#### Given records ####

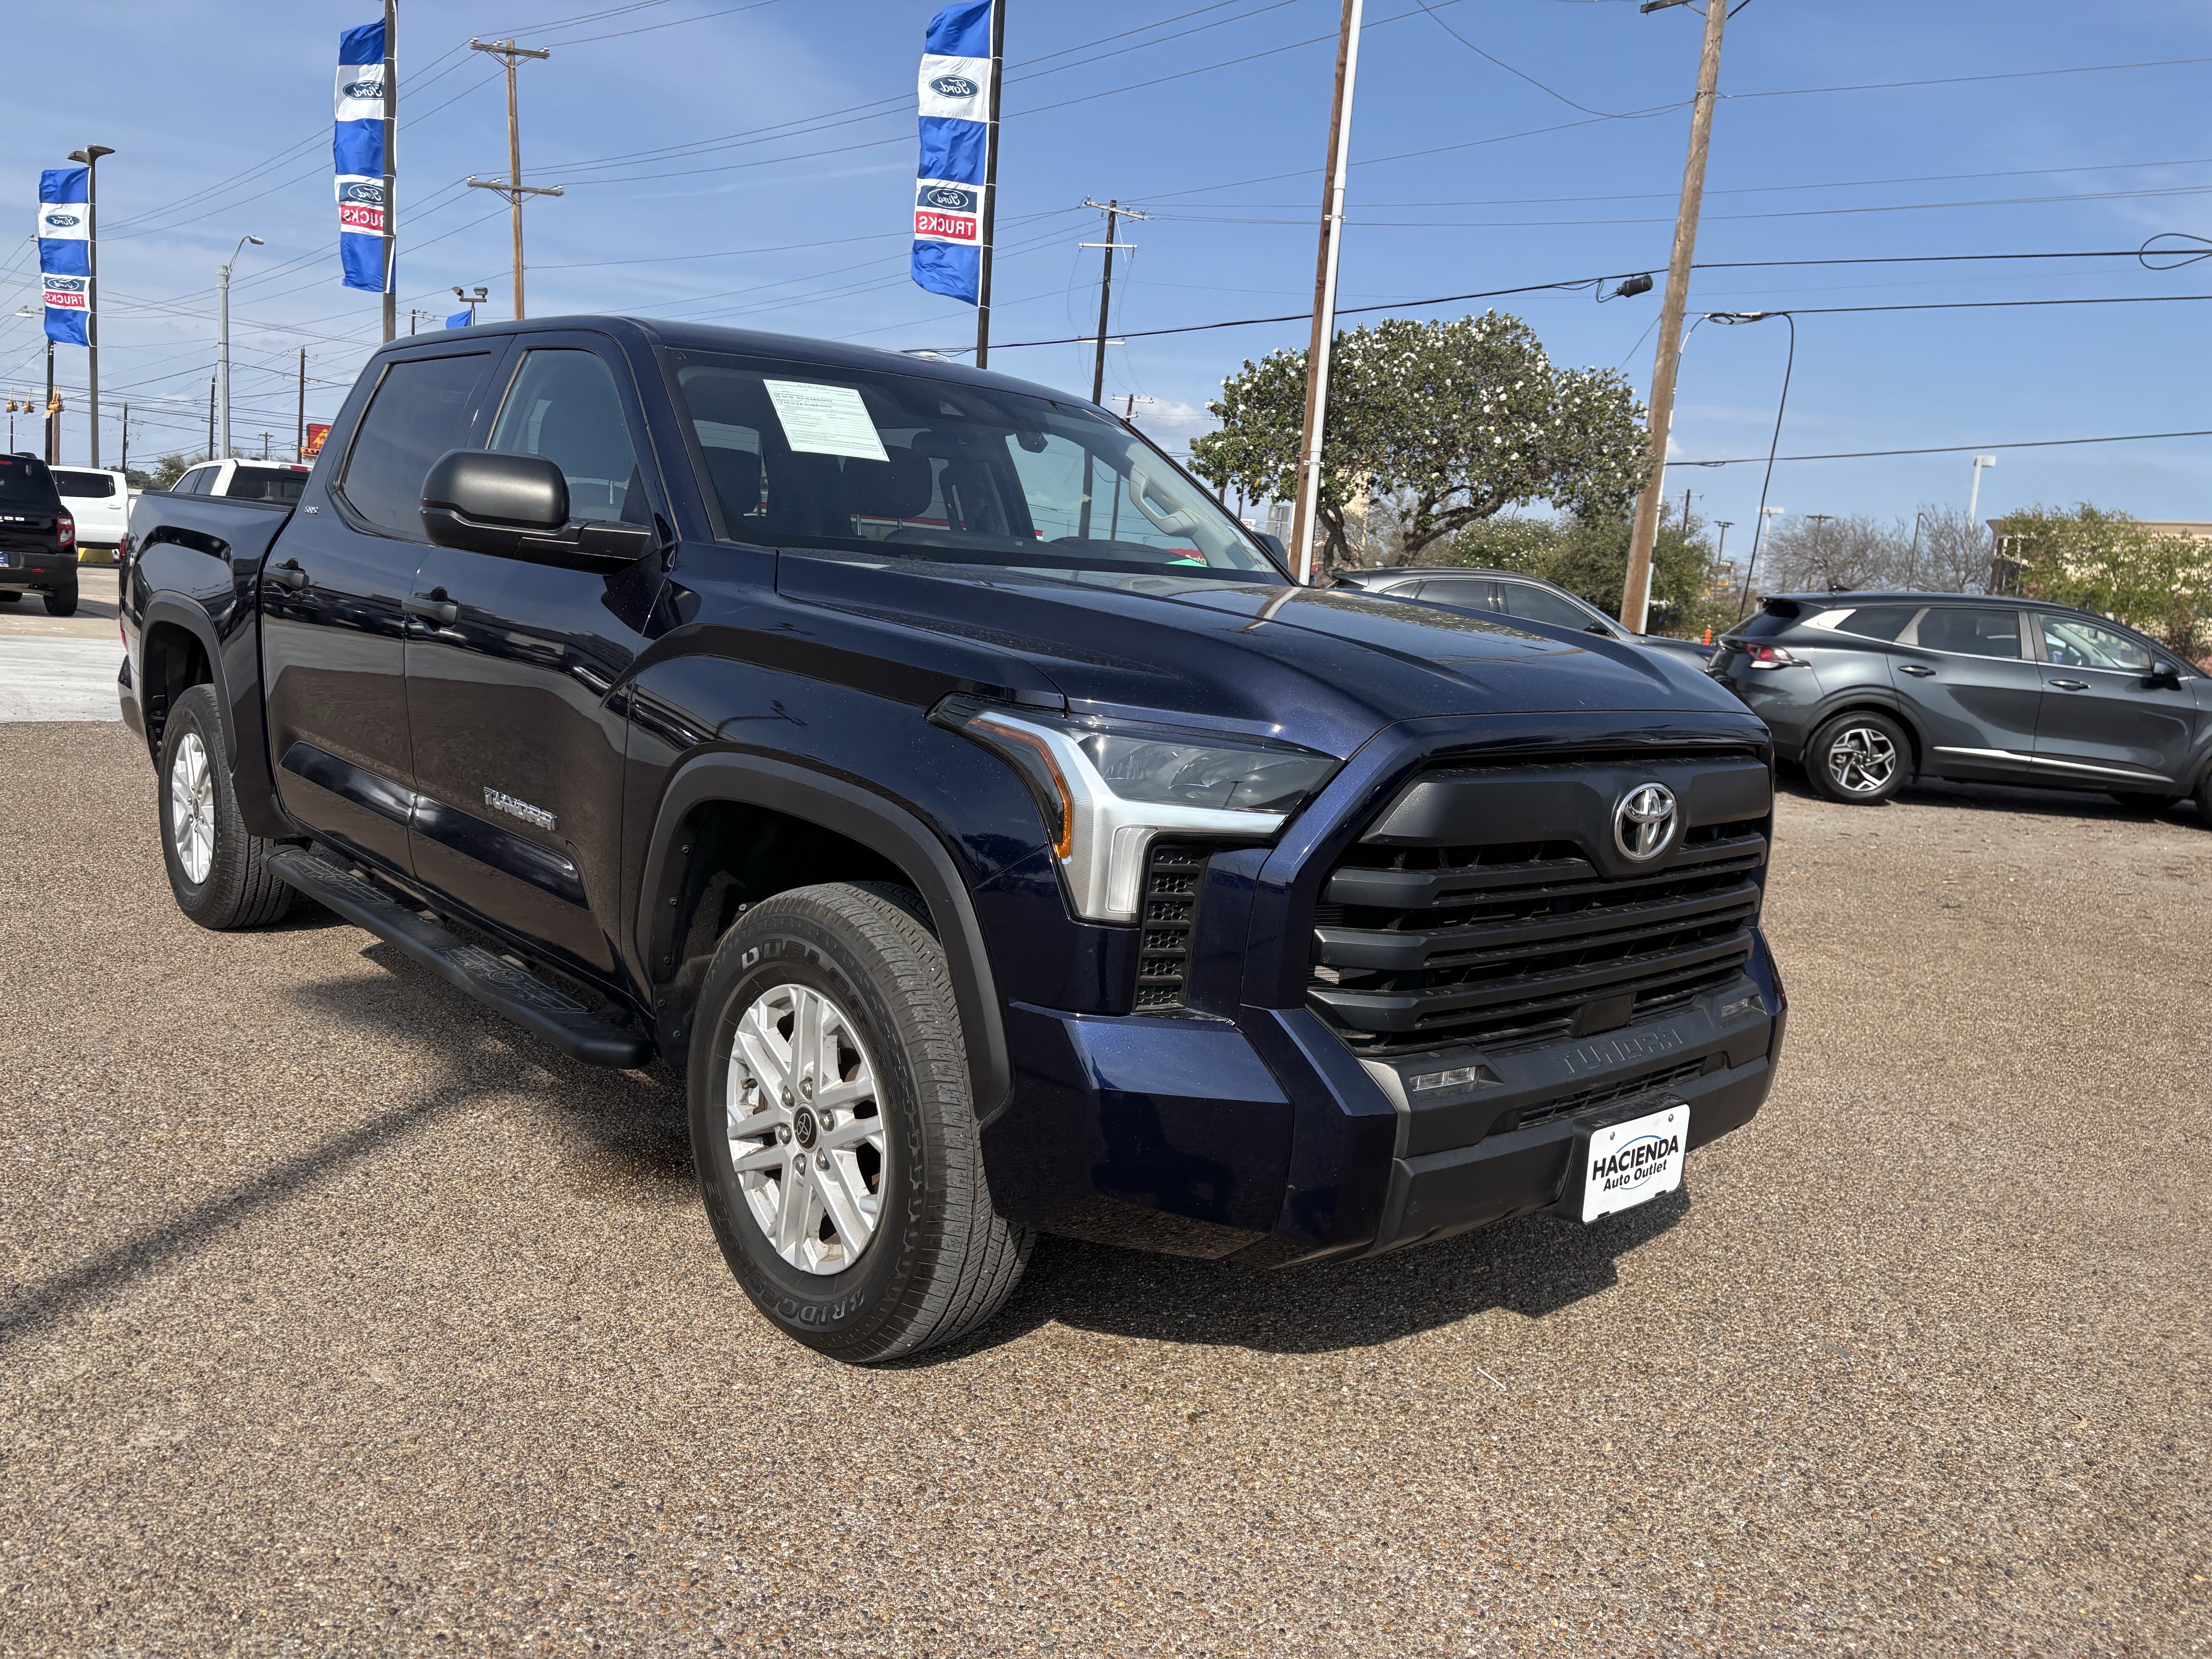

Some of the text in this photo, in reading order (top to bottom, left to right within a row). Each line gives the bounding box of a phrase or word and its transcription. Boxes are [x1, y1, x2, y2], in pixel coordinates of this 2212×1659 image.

[483, 786, 558, 831] TUNDRA
[1551, 1027, 1683, 1074] TUNDRA
[1592, 1135, 1679, 1181] HACIENDA
[1603, 1159, 1667, 1192] Auto Outlet

####

• **Work order**
Every record above must be repeated exactly, with the pictures dropped.

• **Answer area**
Some of the text in this photo, in reading order (top to bottom, left to right within a row). Each line gives the bounding box of a phrase or word and its transcription. Boxes are [x1, y1, x2, y2], in pixel coordinates of this 2212×1659 image.

[483, 786, 558, 831] TUNDRA
[1551, 1027, 1683, 1074] TUNDRA
[1592, 1135, 1679, 1181] HACIENDA
[1603, 1159, 1667, 1192] Auto Outlet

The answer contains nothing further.